Выбрать главу

В глазах угрюмых, с суровыми лицами сельских жителей появление королевы становилось настоящим событием, привносящим в рутинную жизнь тепло и свет сказки. Заслышав о приближении королевы, местный люд высыпал на проезжую дорогу, изо всех сил вглядываясь вдаль, где вот-вот должна была показаться великолепная свита ее величества. Поначалу — но это «поначалу» длилось часами — видны были только сотни и сотни груженых телег и повозок с провиантом, мебелью, багажом и вообще всем, что необходимо для королевского двора во время путешествия. Наконец появлялись первые конные — они расчищали путь, смотрели, как бы не возникло вдруг какое-нибудь внезапное препятствие, оповещали народ: «Ее Величество королева!»

И вот в клубах пыли и в сверкании золота возникала Она. Царственно восседая в своих позолоченных носилках, вся в шелке и парче, украшенная драгоценностями, Елизавета I являлась «богиней, каких изображают художники на своих полотнах». Непосредственно впереди носилок двигались слуги и охрана, пешая и конная, сзади — члены Совета, окруженные, в свою очередь, гвардейцами и двумя десятками блестящих фрейлин, «храбро гарцующих на своих скакунах». Впечатление создавалось такое, словно каким-то образом коронационная процессия Елизаветы из Лондона переместилась в Кент или Суффолк, перенеся в сельскую местность все великолепие столичной церемонии.

В городах же жители, стремясь произвести впечатление, встречали королеву со всевозможной пышностью. Главную улицу чистили до блеска, нищих и девиц легкого поведения либо изолировали, либо сурово предупреждали, чтобы на время визита королевы они убирались куда-нибудь подальше. Виселицы разбирали. Рабочие драили фронтоны жилых домов, церквей, учреждений; домохозяева убирали дворы и загоняли кур да гусей в клетки либо куда-нибудь на зады. Маляры красили рыночные ворота, звонари стояли наготове, чтобы приветствовать появление процессии мощными ударами колоколов. Плотники поспешно сбивали помосты для костюмированных представлений и приветственных речей, а школьники героически заучивали цветистые строки, написанные учителем по случаю визита государыни. И вот — столы ломятся от яств, музыканты настроили инструменты, самые почетные жители города собраны — появляется более или менее в назначенное время королева, и разом звучат фанфары, начинаются речи.

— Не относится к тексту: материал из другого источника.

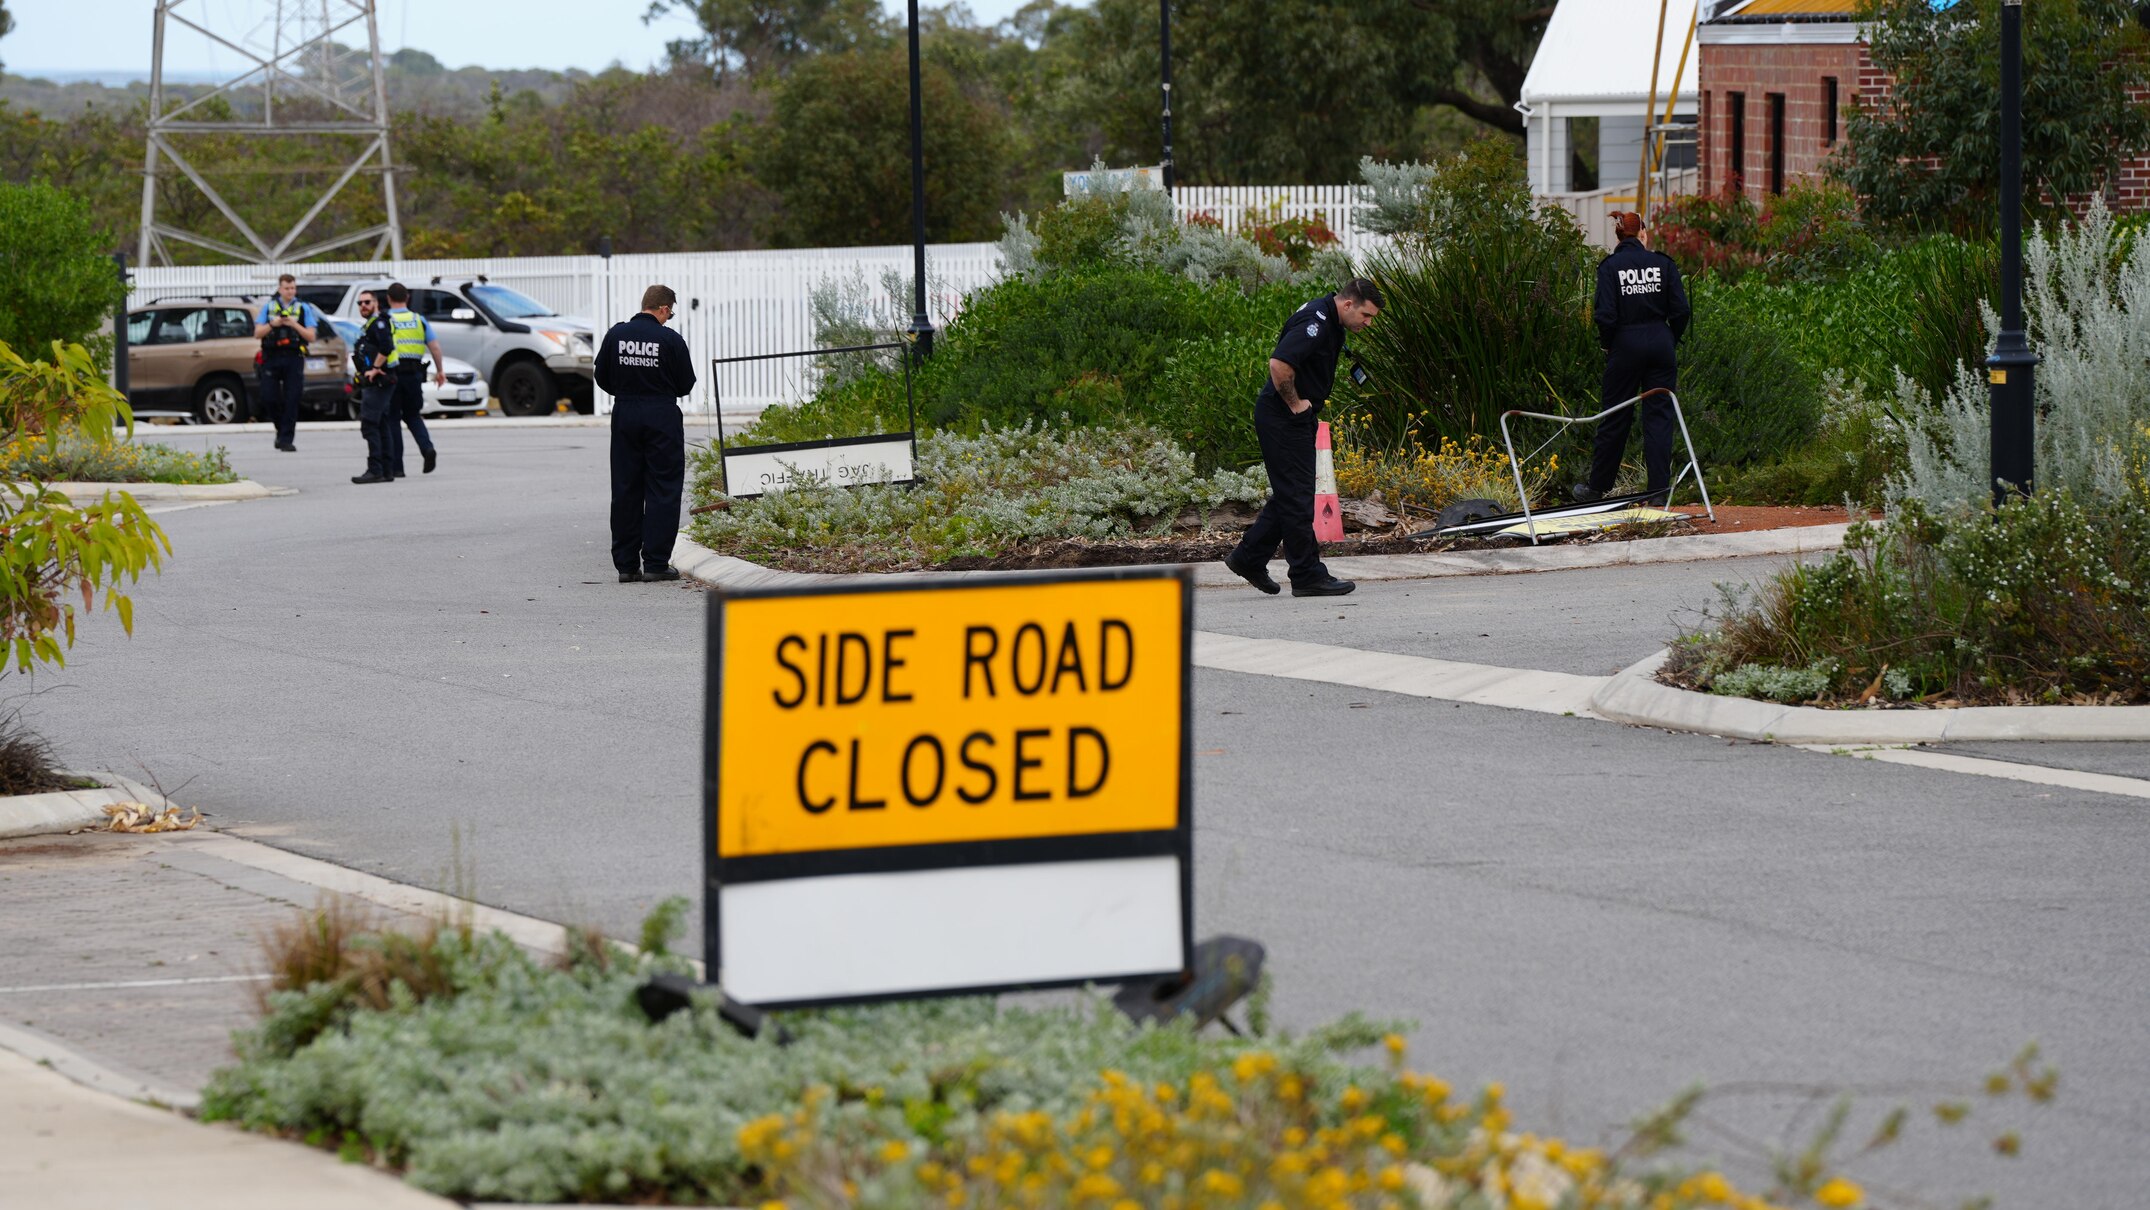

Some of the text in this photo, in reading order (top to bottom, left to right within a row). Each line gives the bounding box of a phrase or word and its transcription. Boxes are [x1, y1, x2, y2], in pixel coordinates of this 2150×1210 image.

[1618, 267, 1661, 285] POLICE
[1621, 283, 1661, 296] FORENSIC
[619, 340, 659, 356] POLICE
[619, 356, 659, 367] FORENSIC
[838, 464, 869, 479] JAG
[772, 619, 1134, 709] SIDE ROAD
[797, 726, 1111, 815] CLOSED
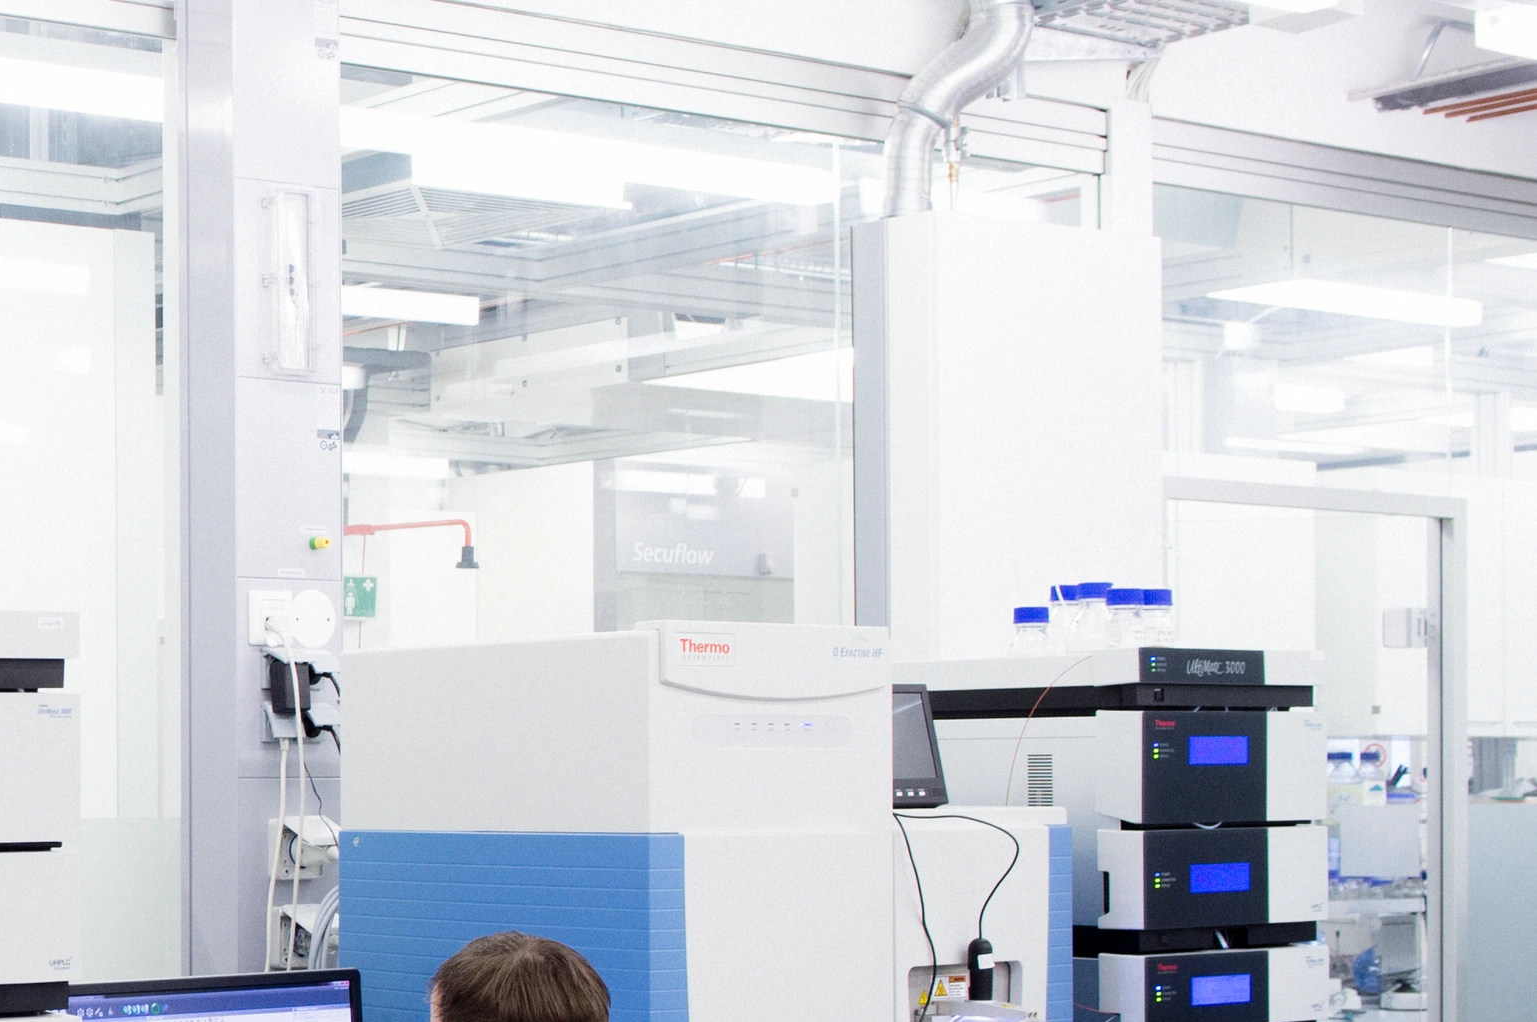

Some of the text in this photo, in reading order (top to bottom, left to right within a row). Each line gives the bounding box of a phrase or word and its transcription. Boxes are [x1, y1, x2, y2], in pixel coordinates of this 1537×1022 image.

[632, 542, 715, 566] Secuflow
[679, 638, 731, 654] Thermo
[872, 648, 883, 658] HF
[682, 654, 731, 662] SCIENTIFIC
[1186, 658, 1225, 677] UltiMate
[1225, 661, 1246, 674] 3000
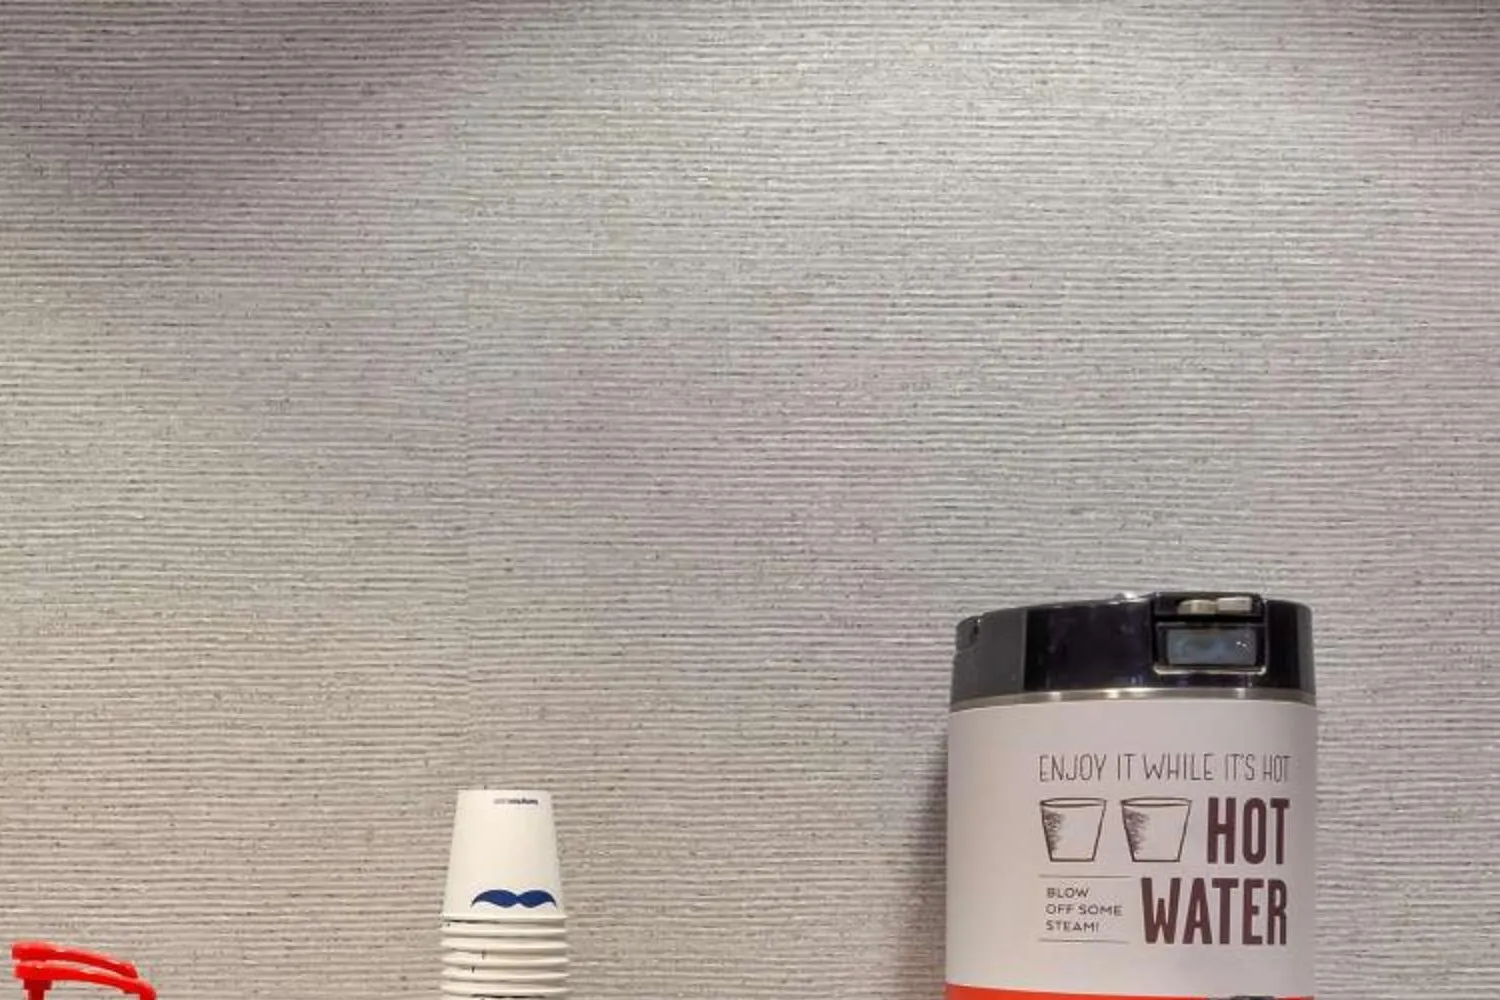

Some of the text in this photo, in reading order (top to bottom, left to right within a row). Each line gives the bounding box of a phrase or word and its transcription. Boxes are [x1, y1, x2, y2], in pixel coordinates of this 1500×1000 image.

[1039, 753, 1291, 783] ENJOY IT WHILE IT'S HOT
[1206, 796, 1291, 865] HOT
[1046, 887, 1090, 899] BLOW
[1045, 904, 1123, 916] OFF SOME
[1141, 876, 1288, 945] WATER
[1045, 920, 1100, 932] STEAM!

Однажды, это было в 1575 году, Елизавета остановилась в одном из городов по пути — в Ворчестере. Все было как обычно: при появлении королевы зазвучали фанфары, и навстречу ей, превращая убранные только накануне улицы в настоящее месиво, хлынула толпа возбужденных горожан. Шел дождь, но Елизавета не обращала на него ни малейшего внимания, ласково отвечая на приветствия и выказывая немалый интерес к протоколу встречи. Пока она смотрела на представление школьников, дождь превратился чуть ли не в бурю, но и тут королева не дрогнула, попросив всего лишь, чтобы ей принесли плащ и шляпу. Такое отношение к детям не осталось незамеченным, и горожане еще больше возлюбили свою повелительницу. Казалось, Елизавета не упускает ничего: ни довольно неуклюжих куплетов, сочиненных директором школы, ни красоты грушевого дерева, которое только нынешней ночью пересадили в честь прибытия королевы на рыночную площадь, ни затянувшейся речи оратора, некоего мистера Белла, чьи разглагольствования напоминали скорее не оду во здравие королевы, но едва прикрытую просьбу облегчить городу налоговое бремя.

Ворчестер, торжественно вещал мистер Белл, всегда служил английским властителям могучим оплотом против угрозы с запада, из Уэльса; ему благоволили отец Елизаветы, «славнопамятный» король Генрих VIII, и ее брат, «принц, с которым связывали величайшие надежды», Эдуард VI (не отважившись на хвалу, покойную королеву Марию мистер Белл назвал всего лишь «дражайшей сестрой Вашего Величества»).

Увы, процветавшее некогда ткацкое дело, составляющее единственный источник городских доходов, ныне пришло в совершенный упадок. Раньше, и людям еще хорошо памятны эти времена, тут вовсю крутились триста восемьдесят ткацких станков, обеспечивая работой и куском хлеба восемь тысяч ткачей с семьями, а теперь количество это сократилось вдвое. Преуспеянию, продолжал сетовать мистер Белл, пришел конец, «красота города поблекла, дома рассыпаются на глазах». Потеряли работу пять тысяч ткачей, их семьи голодают. «Единственное, что осталось, — оратор драматически обвел рукой поливаемый струями дождя город, — так это развалины да памятники старины, также разрушающиеся».